Peggy and I squeezed into the front of a small pickup or bakkie with a schoolteacher who served as our driver and Pastor Junius Iyambo of the church in Onaanda riding in the back. Peggy, who was on her first trip to Africa, turned to me and asked, “Are we going to be all right?” After a bumpy ride of about an hour, we arrived at last in Onaanda. More than anything, Onaanda was composed of sand-and bright, cool moonlight. There were a few houses scattered at some distance. As we hopped out of the bakkie, we were greeted at the door of a small house by the pastor’s wife, Marikka, who brought us inside to a neat but sparsely furnished dining/living area lit by candlelight. Over very generous portions of bread, pasta, porridge and chicken, we talked about their parish and our respective journeys. It was only when we got up to use the “facilities” out back that we saw the children, seven of them, waiting in the kitchen for us to finish so they could eat. Marikka introduced us — three were their children by birth, she said, one was an “orphan” who had been left to them, two had been given to them to care for, and the baby belonged to another woman who shared the house. Then by gas lantern, the pastor and his wife showed us to our room. I do not know when I have slept so soundly in such absolute quiet.

Upon waking the next morning, in our new awareness of the need around us, we both wondered aloud what was in the envelope from the American sister church. We dressed for church and again shared bread, along with jam and tea. The Lutheran church in Onaanda is not large, but that Sunday it held well over 1,000 people, many of whom had walked 20 kilometers or more to get there, as they do most Sundays.

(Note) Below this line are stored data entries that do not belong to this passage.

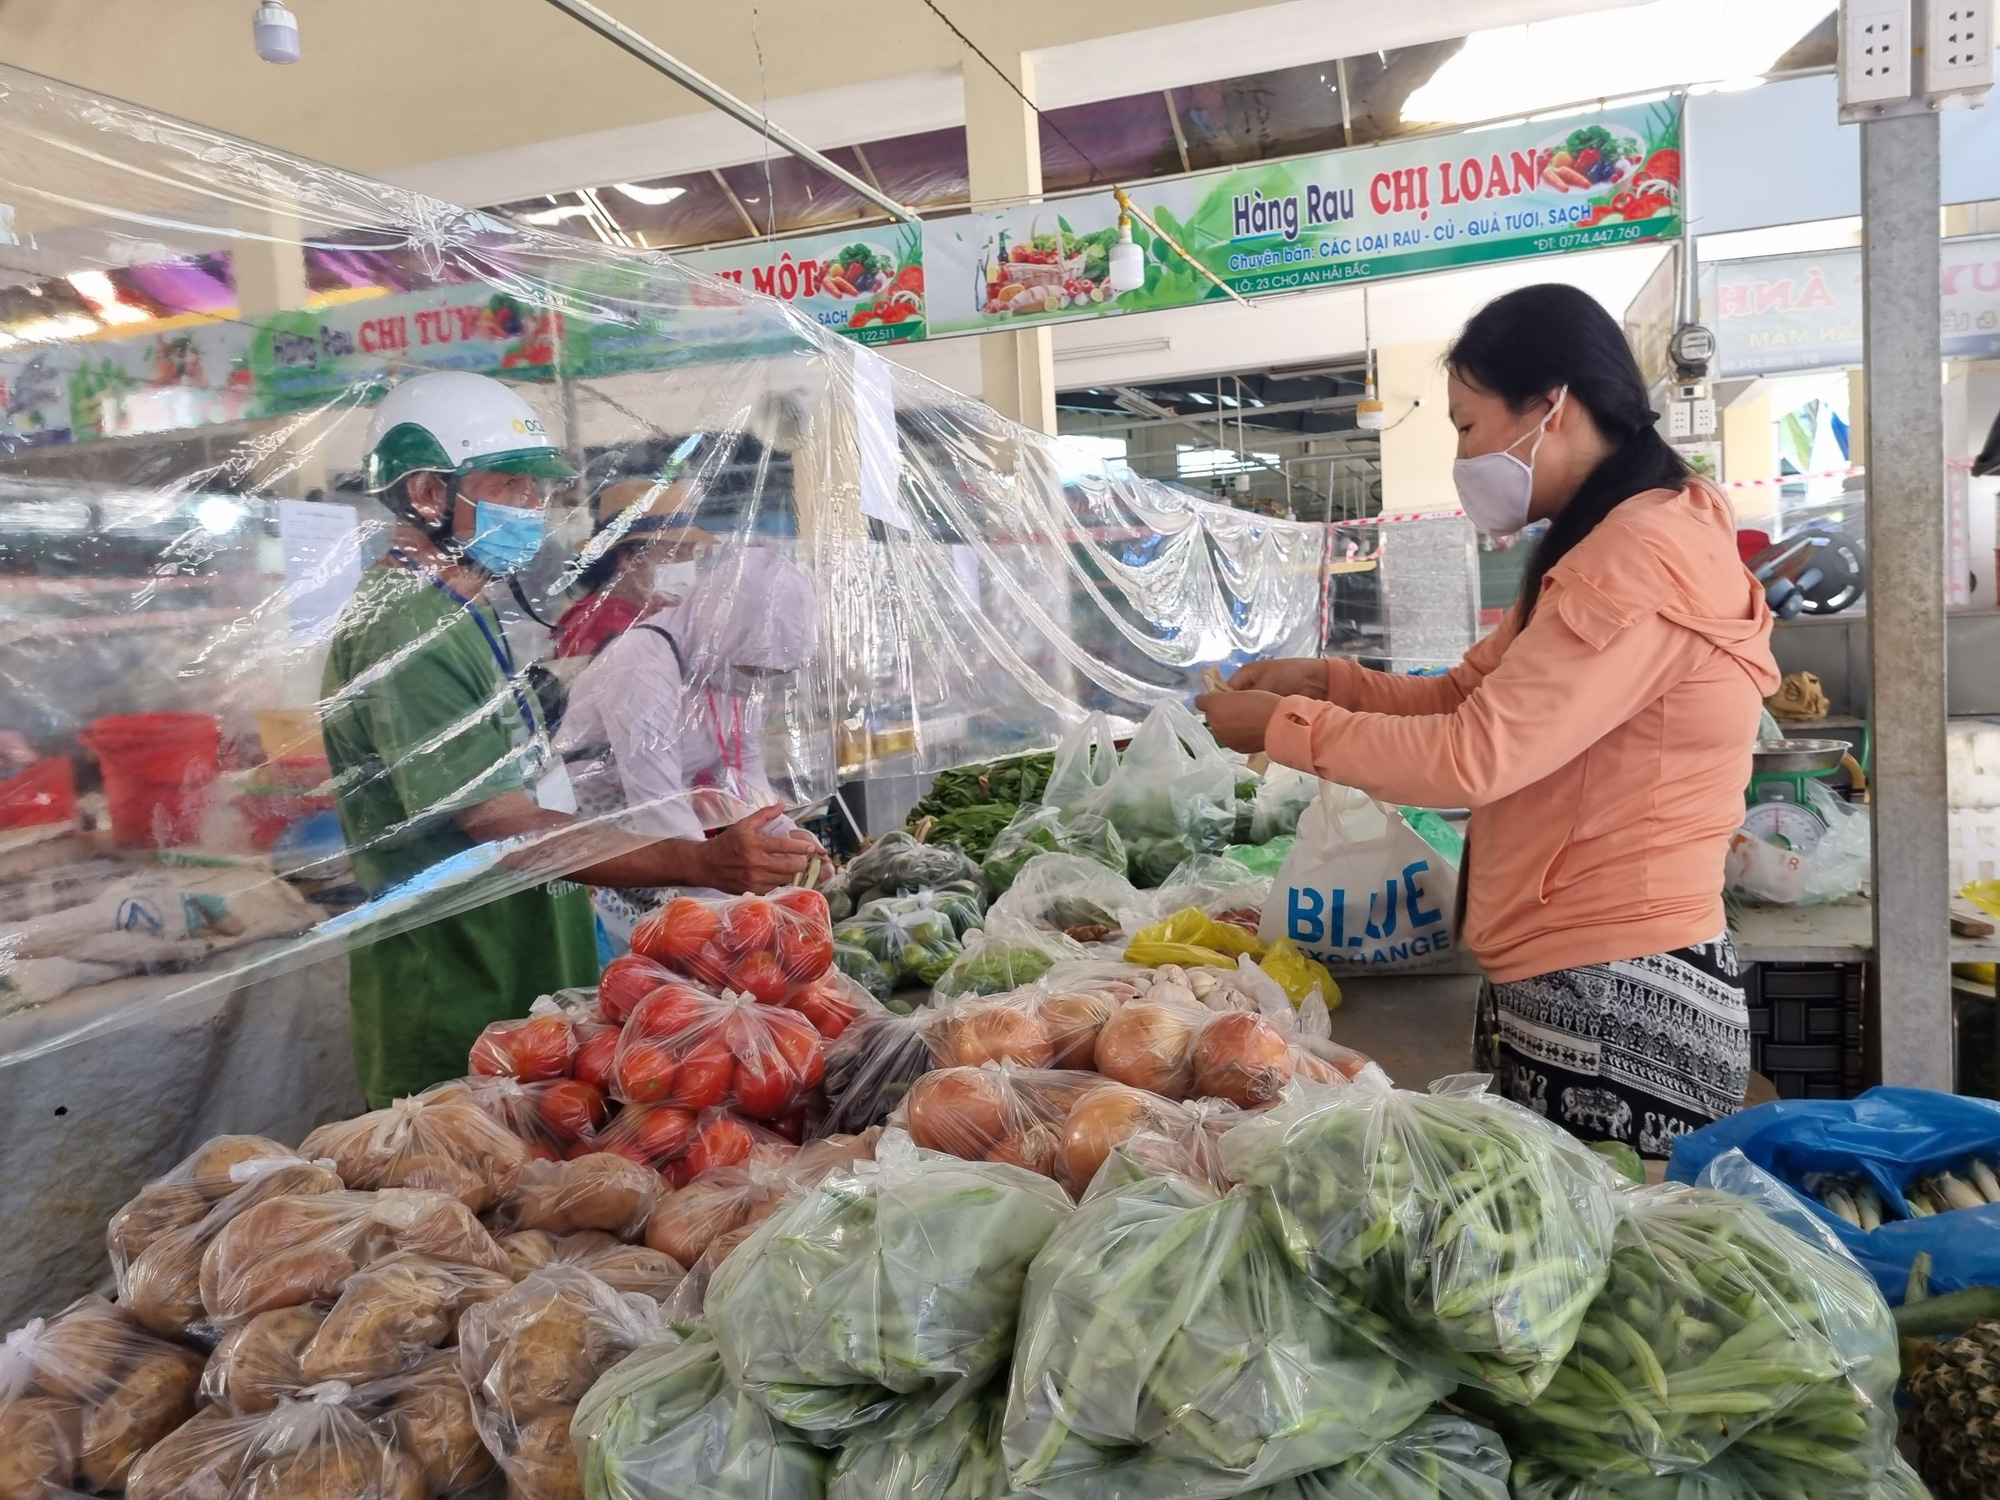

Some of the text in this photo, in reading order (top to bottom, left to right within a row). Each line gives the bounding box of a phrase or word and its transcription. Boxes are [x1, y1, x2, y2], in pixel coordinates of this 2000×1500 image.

[1234, 149, 1537, 240] Hàng Rau CHỊ LOAN
[1229, 250, 1280, 271] Chuyên
[1284, 244, 1315, 264] bán:
[1319, 237, 1351, 258] CÁC
[1356, 233, 1388, 254] LOẠI
[1394, 229, 1421, 247] RAU
[1433, 219, 1455, 241] CỦ
[1468, 212, 1501, 236] QUẢ
[1505, 211, 1544, 231] TƯƠI,
[1549, 204, 1592, 229] SẠCH
[1559, 225, 1641, 248] 0774.447.760
[1256, 278, 1270, 290] 23
[1271, 272, 1300, 287] CHỢ
[1302, 271, 1320, 283] AN
[1322, 264, 1342, 281] HẢI
[844, 328, 895, 342] 8.122.511
[1297, 930, 1449, 965] XCHANGE

There must have been more than 200 children sitting in the rows in front of us, hardly moving a muscle during the whole 5-hour service. It was a special Sunday when women’s choirs from all over the area participate in a singing competition that raises money for the church. After all, of the groups sing, parishioners “vote” by processing row by row to the front and dropping coins into offering baskets labeled with the names of each group. If not enough money is raised the first time around, the parishioners go around again. This way, they raised about 300 Namibian dollars, not a paltry sum by local standards, I guess, but equivalent to just 30 U.S. dollars.

I wish we Americans had done better by them. To make a long story short, the American church that was their sister church had, certainly without intending to, but probably without thinking, created expectations that were not met, and this was made abundantly clear during the service. It was a stinging wakeup call to some of us who were thinking of how we could best companion our fellow Christians in Namibia.

On the rest of our journey in Namibia, we witnessed the stark beauty of this country and the plush tourist towns where stark duneland ends in the Atlantic seacoast. However, nothing stays with me more than the call to companionship represented by the experiences with the congregations in Windhoek, Khomasdal and Onaanda.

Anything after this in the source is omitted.